Mulesing is only one of many flystrike-control methods available. As the scientific literature proves, it causes animals harm and can sometimes leave them vulnerable to flystrike by inflicting wounds. Mulesing is an abusive practice that causes acute, chronic pain and should be abolished as a form of cruelty to animals—especially in light of the fact that other effective and more humane flystrike-prevention methods are available. This conclusion was foreshadowed in 1989 by the Australian Senate Select Committee on Animal Welfare when it observed that “in areas of higher sheep density and smaller flocks, there was evidence that some producers were able and willing to put in the extra time and effort to breed out faults in sheep, to select resistant sheep, to control worms, [and] to inspect and crutch and jet with chemicals more frequently to ensure a healthy flock without recourse to mulesing” (qtd in Pope 1997 p 10).

As for the live export of sheep, the evidence shows that no degree of preparation or standards or any other actions short of a complete ban can ensure animals’ safety during such long and arduous journeys. The Australian Minister for Agriculture, Fisheries, and Forestry—spurred on by the international outcry from the Cormo Express incident—recently commissioned a report on the many problems associated with live exports, and the result was a call for many changes on animal-welfare grounds.
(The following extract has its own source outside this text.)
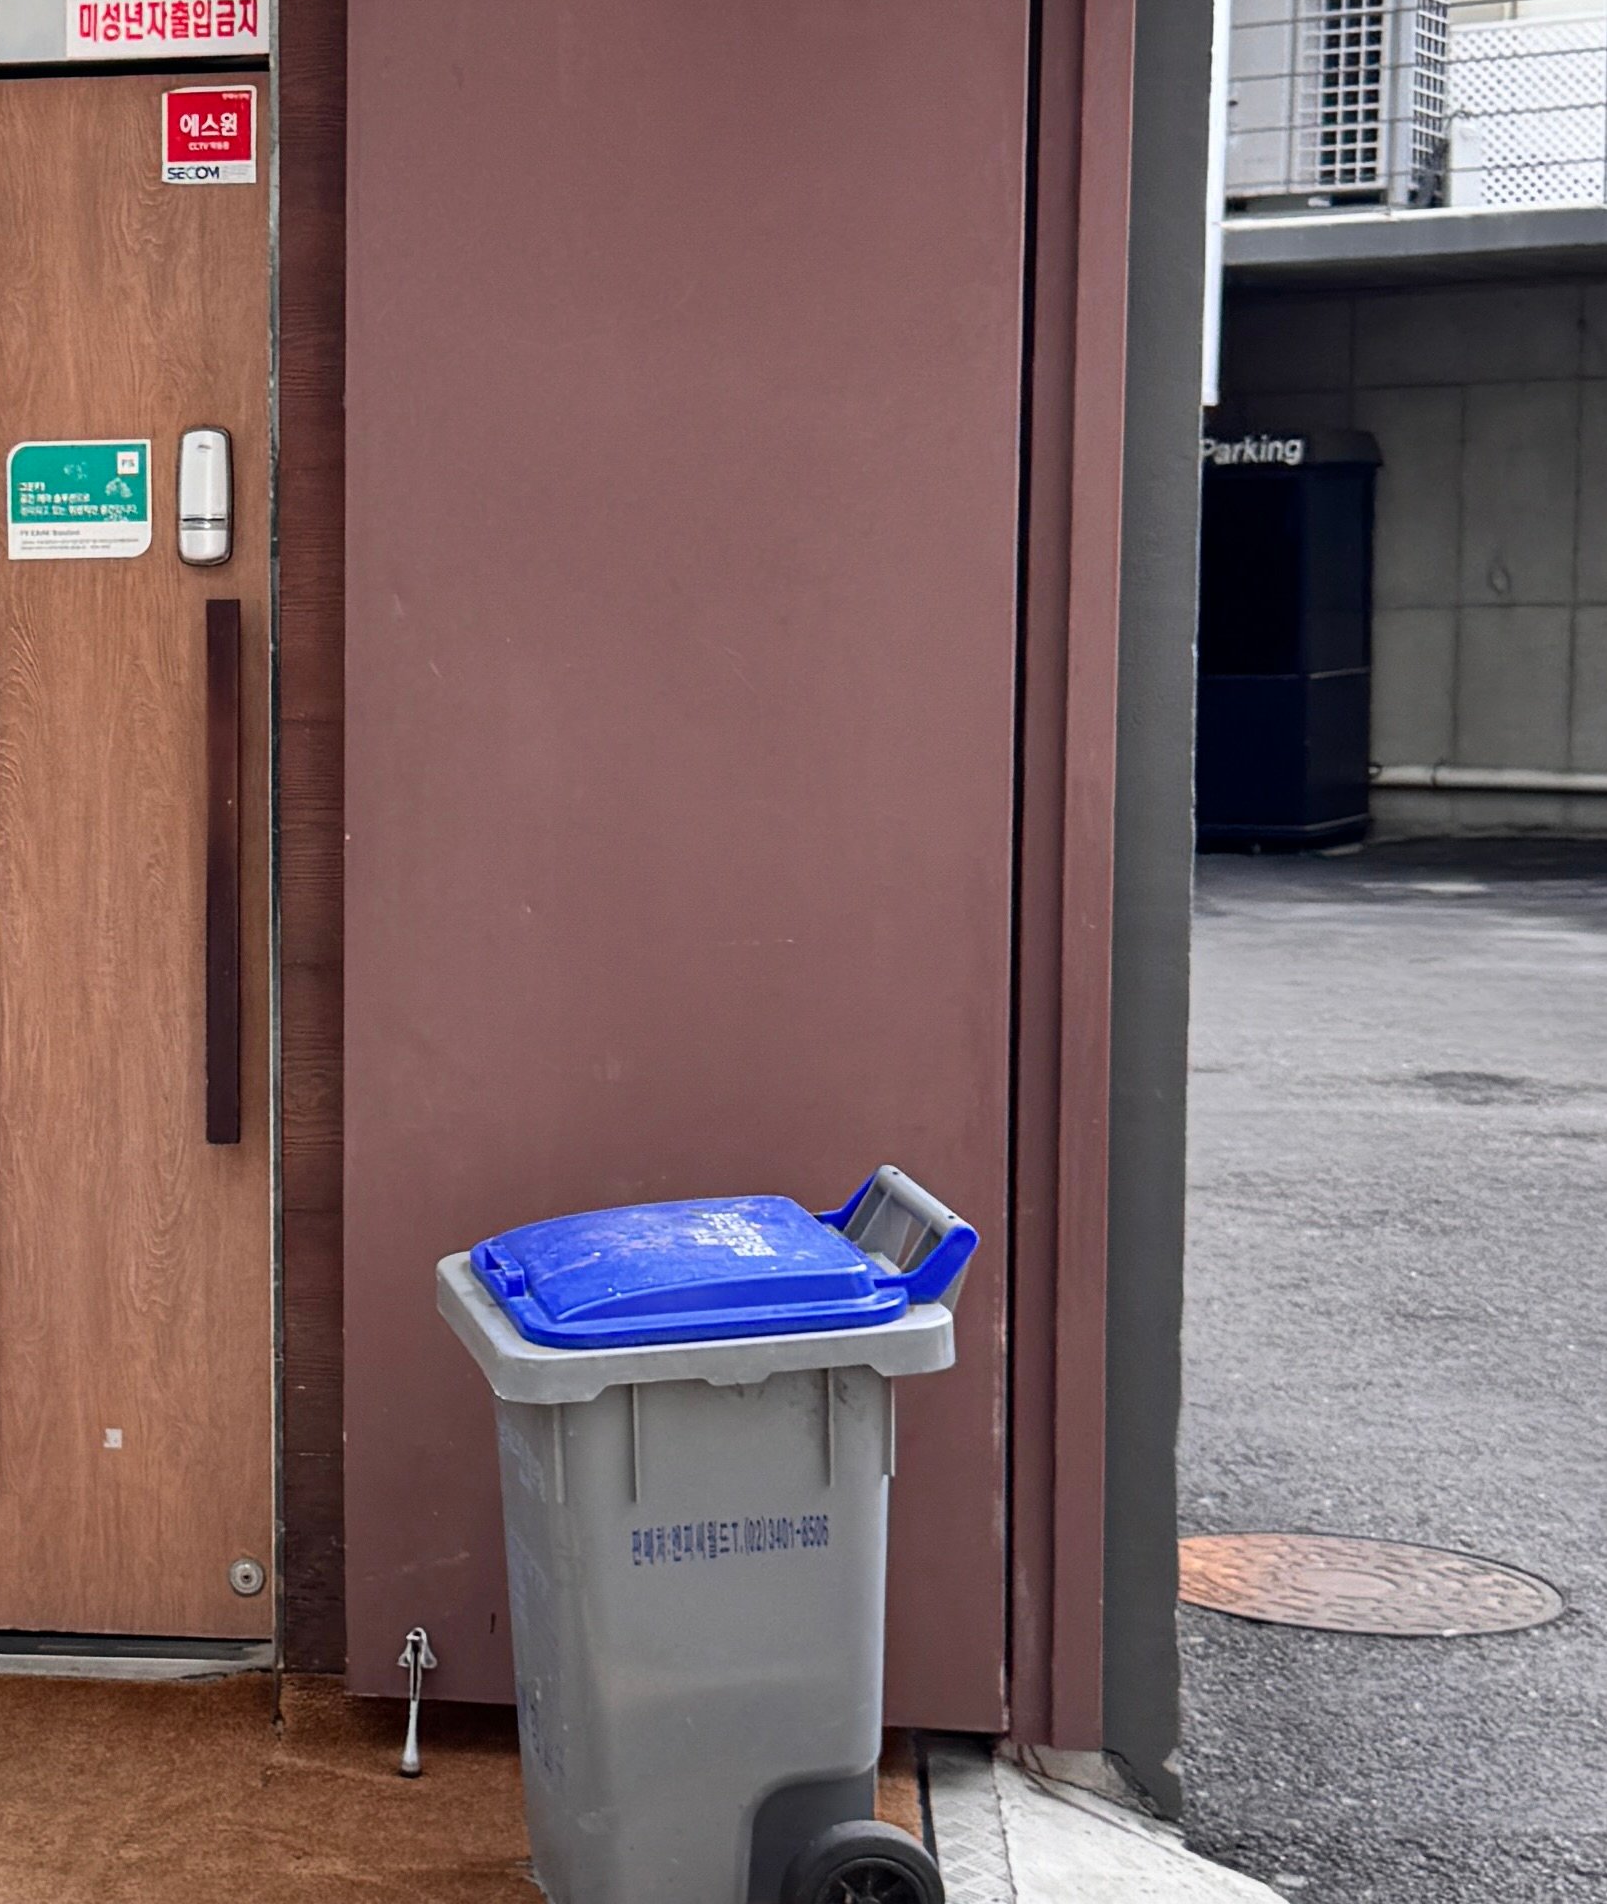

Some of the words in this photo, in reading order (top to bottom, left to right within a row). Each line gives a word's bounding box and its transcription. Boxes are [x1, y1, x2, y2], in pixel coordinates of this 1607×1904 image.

The government also invited public comments, and “[a] majority (76 percent) of submissions expressed views opposed to the livestock export trade” (Keniry et al. 2003 p 10)—a response that is hardly surprising, given the intense cruelty inherent in the live-export industry. As the Australian Senate Select Committee on Animal Welfare has acknowledged, “[I]t is not in the interests of the animal to be transported to the Middle East for slaughter” (qtd in Norris et al. 1990a p 133).

Year after year, millions of sheep suffer hideously during mulesing and live export in the Australian wool industry. The pain and death that these practices have been irrefutably shown to cause prove that no degree of standards or “improvements” can ensure the welfare of animals who are subjected to them and that the only compassionate solution is a categorical ban on both.